Source data
• • • •
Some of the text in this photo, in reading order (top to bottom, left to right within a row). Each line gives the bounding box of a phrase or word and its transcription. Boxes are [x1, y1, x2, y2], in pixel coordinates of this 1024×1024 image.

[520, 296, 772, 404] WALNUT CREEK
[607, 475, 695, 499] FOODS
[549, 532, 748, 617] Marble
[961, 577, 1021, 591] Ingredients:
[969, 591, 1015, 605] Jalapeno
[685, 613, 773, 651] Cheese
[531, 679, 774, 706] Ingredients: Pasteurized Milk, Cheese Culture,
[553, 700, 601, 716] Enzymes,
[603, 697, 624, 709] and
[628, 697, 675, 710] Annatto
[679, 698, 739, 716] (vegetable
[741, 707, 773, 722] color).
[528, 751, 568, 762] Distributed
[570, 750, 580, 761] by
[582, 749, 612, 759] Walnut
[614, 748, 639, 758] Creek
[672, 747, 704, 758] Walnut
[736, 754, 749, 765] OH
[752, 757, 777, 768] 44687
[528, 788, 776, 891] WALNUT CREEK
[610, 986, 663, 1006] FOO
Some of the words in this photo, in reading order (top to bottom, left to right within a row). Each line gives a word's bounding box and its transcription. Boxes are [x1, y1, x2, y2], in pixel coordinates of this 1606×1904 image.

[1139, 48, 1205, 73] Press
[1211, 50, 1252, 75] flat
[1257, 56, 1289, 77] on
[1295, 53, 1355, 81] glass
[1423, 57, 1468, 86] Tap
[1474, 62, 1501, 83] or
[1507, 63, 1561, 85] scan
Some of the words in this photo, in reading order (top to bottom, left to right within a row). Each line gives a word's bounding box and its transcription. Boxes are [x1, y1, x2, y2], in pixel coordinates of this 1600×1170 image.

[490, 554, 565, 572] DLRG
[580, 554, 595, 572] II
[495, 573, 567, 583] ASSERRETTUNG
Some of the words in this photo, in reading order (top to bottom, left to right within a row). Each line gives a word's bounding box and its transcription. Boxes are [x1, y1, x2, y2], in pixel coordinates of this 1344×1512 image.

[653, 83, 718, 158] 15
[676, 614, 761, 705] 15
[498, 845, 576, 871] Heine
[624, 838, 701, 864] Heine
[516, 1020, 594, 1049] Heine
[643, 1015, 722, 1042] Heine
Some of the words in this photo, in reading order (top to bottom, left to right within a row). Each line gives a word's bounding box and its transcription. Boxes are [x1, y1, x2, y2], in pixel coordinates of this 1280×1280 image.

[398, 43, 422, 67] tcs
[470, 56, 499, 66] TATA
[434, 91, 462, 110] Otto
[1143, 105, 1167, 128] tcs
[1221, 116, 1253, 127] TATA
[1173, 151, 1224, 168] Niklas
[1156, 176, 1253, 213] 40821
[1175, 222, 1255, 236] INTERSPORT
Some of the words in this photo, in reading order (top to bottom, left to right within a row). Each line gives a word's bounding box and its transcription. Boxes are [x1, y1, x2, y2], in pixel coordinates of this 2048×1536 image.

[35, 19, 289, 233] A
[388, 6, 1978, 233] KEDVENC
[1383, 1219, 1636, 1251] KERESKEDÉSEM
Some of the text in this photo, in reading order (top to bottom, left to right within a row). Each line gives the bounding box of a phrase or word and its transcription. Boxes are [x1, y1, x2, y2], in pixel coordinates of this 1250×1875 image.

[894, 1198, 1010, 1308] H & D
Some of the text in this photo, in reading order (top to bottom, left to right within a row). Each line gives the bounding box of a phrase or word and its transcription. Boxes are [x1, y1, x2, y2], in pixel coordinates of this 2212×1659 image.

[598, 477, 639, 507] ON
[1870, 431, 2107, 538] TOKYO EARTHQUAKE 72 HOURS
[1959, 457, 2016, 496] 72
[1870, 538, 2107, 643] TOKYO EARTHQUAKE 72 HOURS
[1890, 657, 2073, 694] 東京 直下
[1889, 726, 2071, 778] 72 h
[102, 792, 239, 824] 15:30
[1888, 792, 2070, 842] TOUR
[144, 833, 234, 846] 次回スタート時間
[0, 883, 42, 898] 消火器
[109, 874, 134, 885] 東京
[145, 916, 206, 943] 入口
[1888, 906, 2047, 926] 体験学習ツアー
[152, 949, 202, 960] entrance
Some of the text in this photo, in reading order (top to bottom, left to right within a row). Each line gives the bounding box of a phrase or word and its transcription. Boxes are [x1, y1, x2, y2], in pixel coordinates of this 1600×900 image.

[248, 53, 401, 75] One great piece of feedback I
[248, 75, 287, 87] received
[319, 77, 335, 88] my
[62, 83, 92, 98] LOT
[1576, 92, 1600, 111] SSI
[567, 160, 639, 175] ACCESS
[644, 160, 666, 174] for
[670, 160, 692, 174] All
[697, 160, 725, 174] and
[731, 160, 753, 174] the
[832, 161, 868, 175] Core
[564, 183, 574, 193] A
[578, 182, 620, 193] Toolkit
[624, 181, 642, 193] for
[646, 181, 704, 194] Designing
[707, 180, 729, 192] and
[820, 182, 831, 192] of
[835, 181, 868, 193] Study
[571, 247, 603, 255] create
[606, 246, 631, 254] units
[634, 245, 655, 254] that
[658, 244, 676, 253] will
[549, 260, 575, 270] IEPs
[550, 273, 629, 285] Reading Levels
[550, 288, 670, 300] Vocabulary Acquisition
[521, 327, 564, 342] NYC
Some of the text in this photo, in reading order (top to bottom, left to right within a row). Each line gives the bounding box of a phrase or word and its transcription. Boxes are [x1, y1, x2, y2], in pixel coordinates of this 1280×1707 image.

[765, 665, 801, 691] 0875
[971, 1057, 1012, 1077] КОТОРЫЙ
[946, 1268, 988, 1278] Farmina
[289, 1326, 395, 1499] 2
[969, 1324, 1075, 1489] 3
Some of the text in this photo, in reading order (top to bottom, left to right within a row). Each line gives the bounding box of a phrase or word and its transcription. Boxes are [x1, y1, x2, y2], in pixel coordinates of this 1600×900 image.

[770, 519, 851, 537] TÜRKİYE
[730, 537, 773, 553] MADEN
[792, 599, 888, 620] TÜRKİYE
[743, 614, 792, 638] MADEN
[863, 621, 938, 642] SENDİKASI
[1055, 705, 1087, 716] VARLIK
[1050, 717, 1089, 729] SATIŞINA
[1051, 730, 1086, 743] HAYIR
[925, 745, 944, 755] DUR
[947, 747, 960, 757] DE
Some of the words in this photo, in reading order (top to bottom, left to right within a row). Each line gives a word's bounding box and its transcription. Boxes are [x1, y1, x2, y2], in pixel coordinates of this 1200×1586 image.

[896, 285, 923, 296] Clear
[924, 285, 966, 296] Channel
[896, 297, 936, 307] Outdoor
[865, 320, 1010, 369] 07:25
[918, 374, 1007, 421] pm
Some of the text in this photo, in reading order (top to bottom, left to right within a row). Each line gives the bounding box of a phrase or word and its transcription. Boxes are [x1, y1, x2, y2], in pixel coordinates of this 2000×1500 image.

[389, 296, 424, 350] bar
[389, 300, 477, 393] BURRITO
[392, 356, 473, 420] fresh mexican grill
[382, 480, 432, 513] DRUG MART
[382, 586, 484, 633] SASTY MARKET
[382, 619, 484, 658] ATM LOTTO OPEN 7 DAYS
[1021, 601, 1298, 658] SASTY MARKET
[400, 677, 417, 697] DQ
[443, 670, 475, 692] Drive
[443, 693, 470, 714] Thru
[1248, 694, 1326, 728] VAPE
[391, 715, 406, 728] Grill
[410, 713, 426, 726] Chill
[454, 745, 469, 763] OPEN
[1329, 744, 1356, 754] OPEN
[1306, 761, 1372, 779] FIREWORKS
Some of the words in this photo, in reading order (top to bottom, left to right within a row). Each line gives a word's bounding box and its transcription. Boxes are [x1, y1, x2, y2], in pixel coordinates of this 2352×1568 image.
• • • •
> _YOUR OBJECTIVE_:
Your response must contain all of the records, copied exactly.

> _SOLUTION BELOW_:
Some of the text in this photo, in reading order (top to bottom, left to right within a row). Each line gives the bounding box of a phrase or word and its transcription. Boxes are [x1, y1, x2, y2], in pixel coordinates of this 1024×1024 image.

[520, 296, 772, 404] WALNUT CREEK
[607, 475, 695, 499] FOODS
[549, 532, 748, 617] Marble
[961, 577, 1021, 591] Ingredients:
[969, 591, 1015, 605] Jalapeno
[685, 613, 773, 651] Cheese
[531, 679, 774, 706] Ingredients: Pasteurized Milk, Cheese Culture,
[553, 700, 601, 716] Enzymes,
[603, 697, 624, 709] and
[628, 697, 675, 710] Annatto
[679, 698, 739, 716] (vegetable
[741, 707, 773, 722] color).
[528, 751, 568, 762] Distributed
[570, 750, 580, 761] by
[582, 749, 612, 759] Walnut
[614, 748, 639, 758] Creek
[672, 747, 704, 758] Walnut
[736, 754, 749, 765] OH
[752, 757, 777, 768] 44687
[528, 788, 776, 891] WALNUT CREEK
[610, 986, 663, 1006] FOO
Some of the words in this photo, in reading order (top to bottom, left to right within a row). Each line gives a word's bounding box and its transcription. Boxes are [x1, y1, x2, y2], in pixel coordinates of this 1606×1904 image.

[1139, 48, 1205, 73] Press
[1211, 50, 1252, 75] flat
[1257, 56, 1289, 77] on
[1295, 53, 1355, 81] glass
[1423, 57, 1468, 86] Tap
[1474, 62, 1501, 83] or
[1507, 63, 1561, 85] scan
Some of the words in this photo, in reading order (top to bottom, left to right within a row). Each line gives a word's bounding box and its transcription. Boxes are [x1, y1, x2, y2], in pixel coordinates of this 1600×1170 image.

[490, 554, 565, 572] DLRG
[580, 554, 595, 572] II
[495, 573, 567, 583] ASSERRETTUNG
Some of the words in this photo, in reading order (top to bottom, left to right within a row). Each line gives a word's bounding box and its transcription. Boxes are [x1, y1, x2, y2], in pixel coordinates of this 1344×1512 image.

[653, 83, 718, 158] 15
[676, 614, 761, 705] 15
[498, 845, 576, 871] Heine
[624, 838, 701, 864] Heine
[516, 1020, 594, 1049] Heine
[643, 1015, 722, 1042] Heine
Some of the words in this photo, in reading order (top to bottom, left to right within a row). Each line gives a word's bounding box and its transcription. Boxes are [x1, y1, x2, y2], in pixel coordinates of this 1280×1280 image.

[398, 43, 422, 67] tcs
[470, 56, 499, 66] TATA
[434, 91, 462, 110] Otto
[1143, 105, 1167, 128] tcs
[1221, 116, 1253, 127] TATA
[1173, 151, 1224, 168] Niklas
[1156, 176, 1253, 213] 40821
[1175, 222, 1255, 236] INTERSPORT
Some of the words in this photo, in reading order (top to bottom, left to right within a row). Each line gives a word's bounding box and its transcription. Boxes are [x1, y1, x2, y2], in pixel coordinates of this 2048×1536 image.

[35, 19, 289, 233] A
[388, 6, 1978, 233] KEDVENC
[1383, 1219, 1636, 1251] KERESKEDÉSEM
Some of the text in this photo, in reading order (top to bottom, left to right within a row). Each line gives the bounding box of a phrase or word and its transcription. Boxes are [x1, y1, x2, y2], in pixel coordinates of this 1250×1875 image.

[894, 1198, 1010, 1308] H & D
Some of the text in this photo, in reading order (top to bottom, left to right within a row). Each line gives the bounding box of a phrase or word and its transcription. Boxes are [x1, y1, x2, y2], in pixel coordinates of this 2212×1659 image.

[598, 477, 639, 507] ON
[1870, 431, 2107, 538] TOKYO EARTHQUAKE 72 HOURS
[1959, 457, 2016, 496] 72
[1870, 538, 2107, 643] TOKYO EARTHQUAKE 72 HOURS
[1890, 657, 2073, 694] 東京 直下
[1889, 726, 2071, 778] 72 h
[102, 792, 239, 824] 15:30
[1888, 792, 2070, 842] TOUR
[144, 833, 234, 846] 次回スタート時間
[0, 883, 42, 898] 消火器
[109, 874, 134, 885] 東京
[145, 916, 206, 943] 入口
[1888, 906, 2047, 926] 体験学習ツアー
[152, 949, 202, 960] entrance
Some of the text in this photo, in reading order (top to bottom, left to right within a row). Each line gives the bounding box of a phrase or word and its transcription. Boxes are [x1, y1, x2, y2], in pixel coordinates of this 1600×900 image.

[248, 53, 401, 75] One great piece of feedback I
[248, 75, 287, 87] received
[319, 77, 335, 88] my
[62, 83, 92, 98] LOT
[1576, 92, 1600, 111] SSI
[567, 160, 639, 175] ACCESS
[644, 160, 666, 174] for
[670, 160, 692, 174] All
[697, 160, 725, 174] and
[731, 160, 753, 174] the
[832, 161, 868, 175] Core
[564, 183, 574, 193] A
[578, 182, 620, 193] Toolkit
[624, 181, 642, 193] for
[646, 181, 704, 194] Designing
[707, 180, 729, 192] and
[820, 182, 831, 192] of
[835, 181, 868, 193] Study
[571, 247, 603, 255] create
[606, 246, 631, 254] units
[634, 245, 655, 254] that
[658, 244, 676, 253] will
[549, 260, 575, 270] IEPs
[550, 273, 629, 285] Reading Levels
[550, 288, 670, 300] Vocabulary Acquisition
[521, 327, 564, 342] NYC
Some of the text in this photo, in reading order (top to bottom, left to right within a row). Each line gives the bounding box of a phrase or word and its transcription. Boxes are [x1, y1, x2, y2], in pixel coordinates of this 1280×1707 image.

[765, 665, 801, 691] 0875
[971, 1057, 1012, 1077] КОТОРЫЙ
[946, 1268, 988, 1278] Farmina
[289, 1326, 395, 1499] 2
[969, 1324, 1075, 1489] 3
Some of the text in this photo, in reading order (top to bottom, left to right within a row). Each line gives the bounding box of a phrase or word and its transcription. Boxes are [x1, y1, x2, y2], in pixel coordinates of this 1600×900 image.

[770, 519, 851, 537] TÜRKİYE
[730, 537, 773, 553] MADEN
[792, 599, 888, 620] TÜRKİYE
[743, 614, 792, 638] MADEN
[863, 621, 938, 642] SENDİKASI
[1055, 705, 1087, 716] VARLIK
[1050, 717, 1089, 729] SATIŞINA
[1051, 730, 1086, 743] HAYIR
[925, 745, 944, 755] DUR
[947, 747, 960, 757] DE
Some of the words in this photo, in reading order (top to bottom, left to right within a row). Each line gives a word's bounding box and its transcription. Boxes are [x1, y1, x2, y2], in pixel coordinates of this 1200×1586 image.

[896, 285, 923, 296] Clear
[924, 285, 966, 296] Channel
[896, 297, 936, 307] Outdoor
[865, 320, 1010, 369] 07:25
[918, 374, 1007, 421] pm
Some of the text in this photo, in reading order (top to bottom, left to right within a row). Each line gives the bounding box of a phrase or word and its transcription. Boxes are [x1, y1, x2, y2], in pixel coordinates of this 2000×1500 image.

[389, 296, 424, 350] bar
[389, 300, 477, 393] BURRITO
[392, 356, 473, 420] fresh mexican grill
[382, 480, 432, 513] DRUG MART
[382, 586, 484, 633] SASTY MARKET
[382, 619, 484, 658] ATM LOTTO OPEN 7 DAYS
[1021, 601, 1298, 658] SASTY MARKET
[400, 677, 417, 697] DQ
[443, 670, 475, 692] Drive
[443, 693, 470, 714] Thru
[1248, 694, 1326, 728] VAPE
[391, 715, 406, 728] Grill
[410, 713, 426, 726] Chill
[454, 745, 469, 763] OPEN
[1329, 744, 1356, 754] OPEN
[1306, 761, 1372, 779] FIREWORKS
Some of the words in this photo, in reading order (top to bottom, left to right within a row). Each line gives a word's bounding box and its transcription. Boxes are [x1, y1, x2, y2], in pixel coordinates of this 2352×1568 image.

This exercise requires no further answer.